New projects with big price tags are looking for long-duration energy storage solutions.

A mountain scene with a large collection of solar panels in front. In front of the solar panels are grey boxs.

Image via The Northeast Clean Energy Council

In the summer of 2021, a flurry of R&D money was flying into new long-duration energy storage technologies. The influx aligned with the Biden administration’s new Earthshot Initiative, which aimed to push down the cost of long-duration energy storage by 90 percent by 2030. 

Now, a year and a half later, it seems some of those technologies are transitioning into projects, with real money backing them. 

The deployments are meaningful. It reflects that the technologies are maturing, and we’re getting a little closer to figuring out how to power the economy on clean energy all day, every day. 

Here’s a roundup of some projects getting headlines already in this young year. 

Compressed air in California’s San Joaquin Valley

Last week, a group of local governments in California signed a $775 million, 25-year contract to purchase power from what will be the world's largest compressed-air energy storage project, reports the Los Angeles Times. The project, set to be ready by 2028, will be in the San Joaquin Valley. 

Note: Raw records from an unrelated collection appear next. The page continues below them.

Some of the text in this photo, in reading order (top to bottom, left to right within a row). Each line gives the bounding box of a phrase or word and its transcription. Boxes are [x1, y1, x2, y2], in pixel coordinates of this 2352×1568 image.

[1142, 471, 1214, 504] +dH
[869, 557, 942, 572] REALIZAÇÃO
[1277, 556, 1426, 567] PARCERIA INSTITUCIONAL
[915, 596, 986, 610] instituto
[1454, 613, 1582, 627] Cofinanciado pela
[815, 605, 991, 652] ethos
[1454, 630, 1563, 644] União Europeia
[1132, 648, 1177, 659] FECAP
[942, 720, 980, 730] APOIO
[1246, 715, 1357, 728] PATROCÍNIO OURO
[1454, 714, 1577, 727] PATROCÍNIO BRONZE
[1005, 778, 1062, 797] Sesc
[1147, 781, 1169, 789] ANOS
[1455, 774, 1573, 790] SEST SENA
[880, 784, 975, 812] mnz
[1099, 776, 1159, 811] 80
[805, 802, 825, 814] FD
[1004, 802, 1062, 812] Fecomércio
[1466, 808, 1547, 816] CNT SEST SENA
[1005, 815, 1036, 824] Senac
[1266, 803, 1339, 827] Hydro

Here’s how it works: Developers will drill three shafts thousands of feet below ground, and send miners to dig out a series of caverns. These caverns are meant to have a collective volume equivalent to the area of two football fields by 100 yards of height. This project would be the first compressed air storage enterprise that doesn’t rely on naturally occuring underground salt domes.

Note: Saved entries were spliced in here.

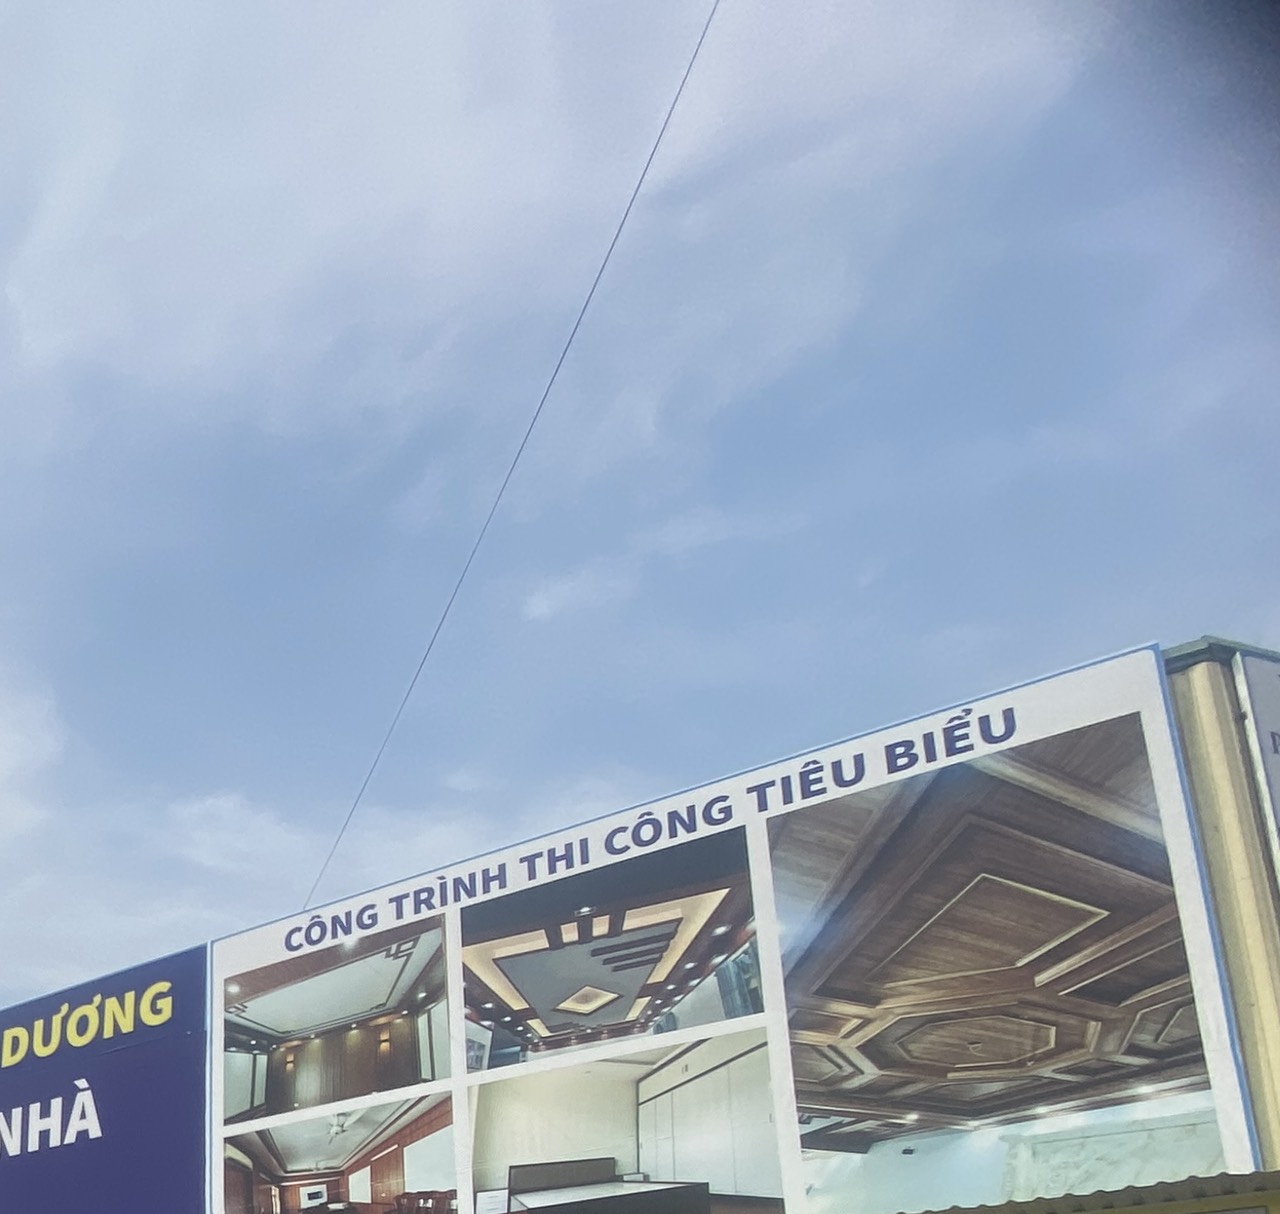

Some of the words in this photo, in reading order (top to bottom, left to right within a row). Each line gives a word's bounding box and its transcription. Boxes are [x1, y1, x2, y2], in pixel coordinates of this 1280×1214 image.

[284, 904, 379, 951] CÔNG
[388, 862, 507, 920] TRÌNH
[519, 838, 589, 881] THI
[604, 795, 733, 855] CÔNG
[746, 753, 865, 812] TIÊU
[885, 707, 1017, 774] BIỂU
[1, 981, 172, 1067] DƯƠNG

When clean electricity is cheap (like sunny afternoons — think belly of the duck), the developer, Hydrostor, will use low-cost energy to push air down into the caverns. When Hydrostor’s customer, Central Coast Community Energy, needs to draw on the stored power, the company will open a valve and funnel the high-pressure air through a turbine, generating electricity.

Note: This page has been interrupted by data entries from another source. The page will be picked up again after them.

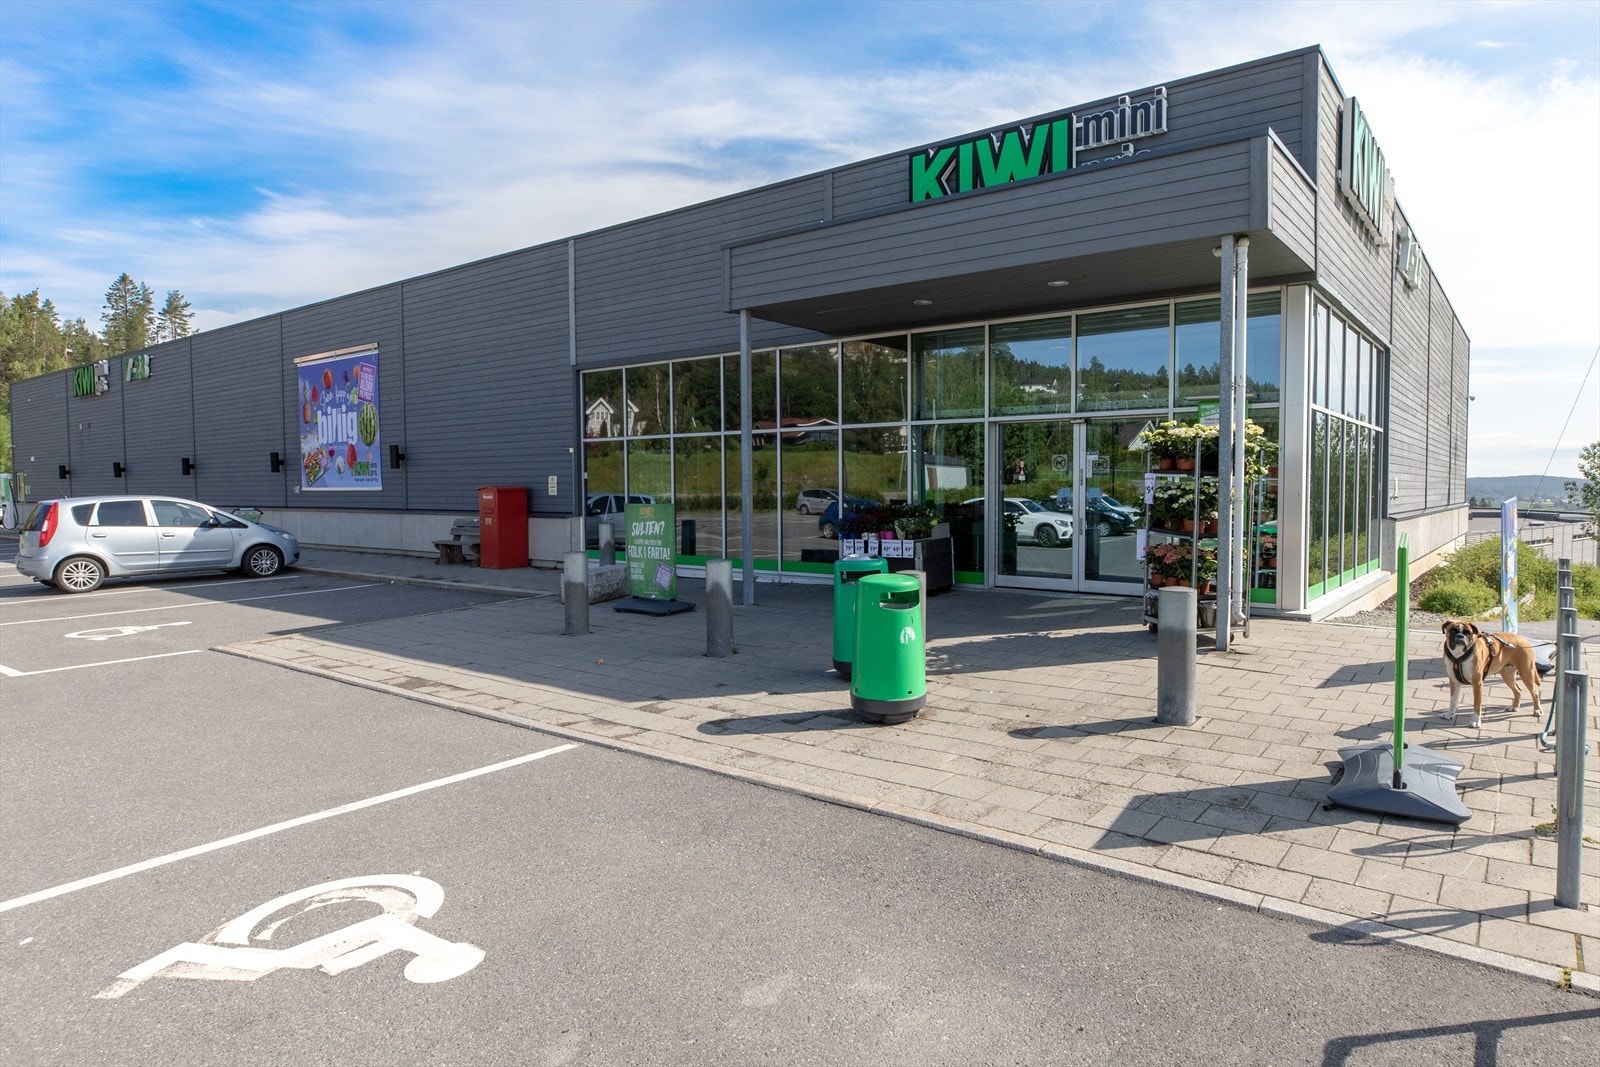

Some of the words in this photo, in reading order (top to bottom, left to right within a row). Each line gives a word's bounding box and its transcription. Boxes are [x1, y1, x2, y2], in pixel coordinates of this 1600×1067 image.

[910, 114, 1072, 203] KIWI
[1082, 86, 1169, 146] mini
[73, 365, 95, 397] KIWI
[317, 404, 358, 446] billig
[631, 520, 665, 536] SULTEN?
[628, 545, 642, 558] FOLK
[643, 546, 647, 558] I
[647, 547, 670, 560] FARTA!

Green hydrogen in Northern California’s wine country 

Further north, Pacific Gas and Electric (PG&E) and Energy Vault announced a partnership to build and operate the largest green hydrogen long-duration energy storage system in the US. The hybrid system will be capable of powering about 2,000 electric customers on a PG&E microgrid in Calistoga for up to 48 hours (293 MWh of carbon-free energy) during an outage. 

Here’s how it works: The system will produce green hydrogen by using renewable energy to power electrolysis, a process that creates hydrogen from water. The clean hydrogen will then power a fuel cell to create on-demand energy. The system is outfitted with a short duration battery for grid forming and black start capabilities, meaning it is able to restart parts of the power system to recover from a blackout. 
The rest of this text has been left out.